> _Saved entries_
========================================================================

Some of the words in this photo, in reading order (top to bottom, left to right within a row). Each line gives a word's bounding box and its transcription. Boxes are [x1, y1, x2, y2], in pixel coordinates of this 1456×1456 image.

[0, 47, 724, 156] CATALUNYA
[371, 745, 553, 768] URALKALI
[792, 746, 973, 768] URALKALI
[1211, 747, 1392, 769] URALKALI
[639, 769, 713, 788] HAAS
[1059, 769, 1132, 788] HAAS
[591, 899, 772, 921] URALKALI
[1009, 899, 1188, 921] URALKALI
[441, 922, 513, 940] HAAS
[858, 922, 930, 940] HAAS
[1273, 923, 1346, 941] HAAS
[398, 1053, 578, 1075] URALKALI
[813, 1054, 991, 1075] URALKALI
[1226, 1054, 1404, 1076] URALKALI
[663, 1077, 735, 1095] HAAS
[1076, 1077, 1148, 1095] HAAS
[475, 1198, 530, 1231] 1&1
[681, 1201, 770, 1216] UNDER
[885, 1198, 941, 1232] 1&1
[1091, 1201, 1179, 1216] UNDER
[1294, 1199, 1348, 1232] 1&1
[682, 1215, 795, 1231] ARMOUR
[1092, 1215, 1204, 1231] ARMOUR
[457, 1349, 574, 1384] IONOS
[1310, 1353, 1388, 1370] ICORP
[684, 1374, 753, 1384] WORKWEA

========================================================================

> _What is needed_
Give back every line of the data exactly as it was written.

> _Result_
Some of the words in this photo, in reading order (top to bottom, left to right within a row). Each line gives a word's bounding box and its transcription. Boxes are [x1, y1, x2, y2], in pixel coordinates of this 1456×1456 image.

[0, 47, 724, 156] CATALUNYA
[371, 745, 553, 768] URALKALI
[792, 746, 973, 768] URALKALI
[1211, 747, 1392, 769] URALKALI
[639, 769, 713, 788] HAAS
[1059, 769, 1132, 788] HAAS
[591, 899, 772, 921] URALKALI
[1009, 899, 1188, 921] URALKALI
[441, 922, 513, 940] HAAS
[858, 922, 930, 940] HAAS
[1273, 923, 1346, 941] HAAS
[398, 1053, 578, 1075] URALKALI
[813, 1054, 991, 1075] URALKALI
[1226, 1054, 1404, 1076] URALKALI
[663, 1077, 735, 1095] HAAS
[1076, 1077, 1148, 1095] HAAS
[475, 1198, 530, 1231] 1&1
[681, 1201, 770, 1216] UNDER
[885, 1198, 941, 1232] 1&1
[1091, 1201, 1179, 1216] UNDER
[1294, 1199, 1348, 1232] 1&1
[682, 1215, 795, 1231] ARMOUR
[1092, 1215, 1204, 1231] ARMOUR
[457, 1349, 574, 1384] IONOS
[1310, 1353, 1388, 1370] ICORP
[684, 1374, 753, 1384] WORKWEA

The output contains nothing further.